A display for the left eye,
A display for the right eye,
And at least one of an antenna, a battery, a camera, a speaker, a headphone, an earphone, a microphone, and an operation button,
The display unit for the left eye and the display unit for the right eye each have a display device,
The display device includes a crystalline semiconductor substrate, a transistor having a channel formation region in the crystalline semiconductor substrate, and a display element electrically connected to the transistor,
The display device is a head mounted display, at least a part of which is flexible.
A display for the left eye,
A display for the right eye,
And at least one of an antenna, a battery, a camera, a speaker, a headphone, an earphone, a microphone, and an operation button,
The display unit for the left eye and the display unit for the right eye each have a display device,
The display device includes a crystalline semiconductor substrate, a transistor having a channel formation region in the crystalline semiconductor substrate, and a display element electrically connected to the transistor,
The display device is a head mounted display having a curved surface at least partially.
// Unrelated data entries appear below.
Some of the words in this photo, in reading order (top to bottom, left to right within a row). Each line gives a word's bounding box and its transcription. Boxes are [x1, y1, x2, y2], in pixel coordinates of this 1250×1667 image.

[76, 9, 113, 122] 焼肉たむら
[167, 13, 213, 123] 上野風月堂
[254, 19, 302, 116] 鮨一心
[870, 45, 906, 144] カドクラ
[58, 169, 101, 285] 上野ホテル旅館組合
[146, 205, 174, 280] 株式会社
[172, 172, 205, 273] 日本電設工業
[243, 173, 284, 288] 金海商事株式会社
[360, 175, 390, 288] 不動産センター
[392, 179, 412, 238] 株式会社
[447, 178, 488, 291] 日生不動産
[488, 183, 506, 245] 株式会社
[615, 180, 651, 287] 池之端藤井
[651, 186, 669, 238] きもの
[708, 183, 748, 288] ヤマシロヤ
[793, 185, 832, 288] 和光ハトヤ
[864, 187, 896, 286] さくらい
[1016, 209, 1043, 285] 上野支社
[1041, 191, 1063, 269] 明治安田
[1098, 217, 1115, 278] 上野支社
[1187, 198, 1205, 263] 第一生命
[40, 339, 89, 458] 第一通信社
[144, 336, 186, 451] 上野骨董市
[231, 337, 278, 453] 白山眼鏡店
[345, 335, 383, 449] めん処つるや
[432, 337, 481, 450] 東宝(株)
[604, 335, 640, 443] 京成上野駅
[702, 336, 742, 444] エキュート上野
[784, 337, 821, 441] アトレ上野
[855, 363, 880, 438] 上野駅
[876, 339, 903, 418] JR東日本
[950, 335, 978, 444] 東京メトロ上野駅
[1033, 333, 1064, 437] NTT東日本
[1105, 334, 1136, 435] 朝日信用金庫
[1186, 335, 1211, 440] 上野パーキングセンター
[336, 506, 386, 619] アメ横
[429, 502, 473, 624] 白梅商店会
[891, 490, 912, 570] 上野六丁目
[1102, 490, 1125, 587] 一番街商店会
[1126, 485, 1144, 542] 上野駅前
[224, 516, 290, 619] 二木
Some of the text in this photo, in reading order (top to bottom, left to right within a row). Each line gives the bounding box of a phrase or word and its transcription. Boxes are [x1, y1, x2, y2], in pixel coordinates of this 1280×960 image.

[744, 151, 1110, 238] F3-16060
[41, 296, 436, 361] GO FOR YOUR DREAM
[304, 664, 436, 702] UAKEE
In any one of claims 19 to 21,
The display element is a light emitting element,
The display device includes a sealing layer on the display element, and a colored layer on the sealing layer,
The colored layer has a portion overlapping the light emitting element,
The sealing layer has a function of transmitting light emitted from the light emitting element,
The light emitting element is a head mounted display having a function of emitting light to the colored layer side.
In claim 22,
The display device is a head mounted display having an insulating film on the colored layer, an adhesive layer on the insulating film, and a flexible substrate on the adhesive layer.
In claim 23,
The display device is a head-mounted display having a touch sensor positioned between the crystalline semiconductor substrate and the flexible substrate.
In any one of claims 19 to 21,
The crystalline semiconductor substrate is a single crystal semiconductor substrate, a head mounted display.
In any one of claims 19 to 21,
The crystalline semiconductor substrate is a head mounted display having single crystal silicon.
In any one of claims 19 to 21,
A head mounted display in which the definition of the display device is 400 ppi or more and 4000 ppi or less.